Nourish Your Yin Energy During the Holidays

General Wellness

In Chinese medicine, our life force or vital energy is called Qi (pronounced chi). This life force is the energy that allows us to cope with stress, have healthy immune systems, balanced hormones, restful sleep, and healthy brain function. It is essential for optimum health.

In order to fully understand Qi, however, it is important to also understand yin and yang.

Yin and yang describe two opposite manifestations of Qi. Yin refers to feminine energy that is dark, cool, calming, meditative, and restful. Yang, on the other hand, is bright, active, hot, and very often used to describe masculine energy.

We need a balance of both yin and yang to be well, but often the patients I see during the winter months and around the holidays are yin deficient. You might recognize some of the symptoms: stressed, have trouble sleeping, anxious, overly warm, and fatigued.

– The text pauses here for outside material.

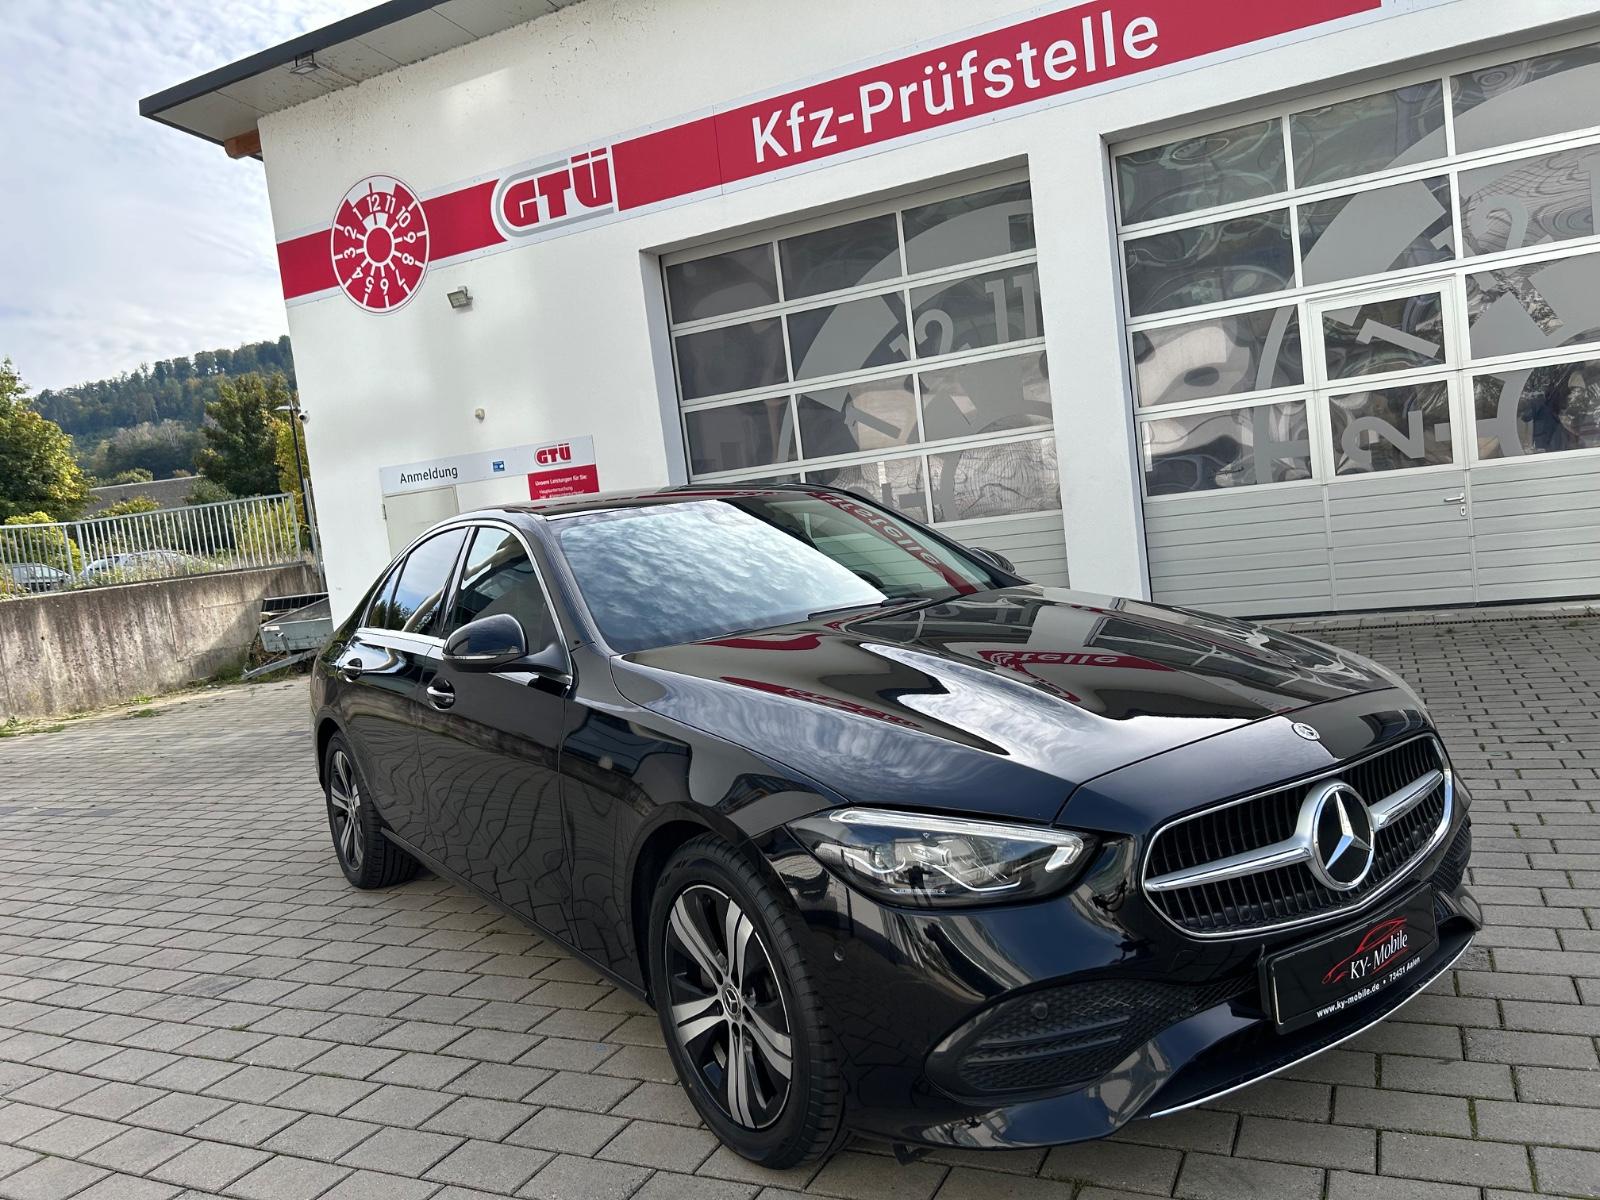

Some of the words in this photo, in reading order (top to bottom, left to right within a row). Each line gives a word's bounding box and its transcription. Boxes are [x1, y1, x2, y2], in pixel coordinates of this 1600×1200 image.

To help restore your Qi and maintain optimal levels of yin energy, I recommend the following:

1. Moonbathing

During the summer months, we spend time soaking up the warmth of the sun, which is helpful for restoring yang. However, in order to restore yin energy, it is important to spend time soaking up the light if the moon. I recommend taking a walk outside or sitting in your backyard or patio at night for 10-15 minutes to soak up the cool, refreshing rays of the moonlight.

2. Epsom Salt Baths

Epsom salt baths are very relaxing and settling – perfect for restoring your yin energy! Fill a standard sized tub with warm water and add 1-2 cups of epsom salt. You can also add essential oils, like peppermint, eucalyptus, and lavender.

3. Eat Cooling Foods

Since ancient times, traditional Chinese medicine practitioners have used warming and cooling foods to balance the body’s yin and yang energy and help prevent illness. Cooling foods, such as cucumbers, lemons, celery, mandarins, oranges, grapefruit, sweet potatoes, and other yellow and orange foods, help to rid the body of heat and toxins, which nourishes yin energy.

4. Embrace quiet

Anything you can do to relax helps restore yin energy, so I recommend that my patients spend 10-15 minutes a day in a quiet space. Dim the lights, play your favorite soft music and relax. Try not to do anything too stimulating.

5. Earthing

The earth is like a gigantic battery – pulsating throughout its surface is a limitless supply of subatomic particles called electrons. When we spend time in nature, walking or standing barefoot on the grass, our body absorbs these electrons and we experience their grounding effects. This grounding can help decrease stress, improve sleep, improve mood, and restore essential yin energy.

6. Prioritize Sleep

Quality sleep is one of the most important things you can do to restore balance to your body and replenish yin energy. Make it a priority to get 8 hours of peaceful sleep each night. If you find that you can’t sleep due to racing thoughts, I recommend taking Cortisol Manager, a natural supplement that contains a mixture of herbs and amino acids that help calm your nervous system, so you can rest.

Taking good care of your body is essential, especially during the holiday season. Instead of succumbing to holiday burnout, make time to nourish yourself with calming, soothing activities. They will help to restore your yin energy, and ultimately, support you in achieving optimum health.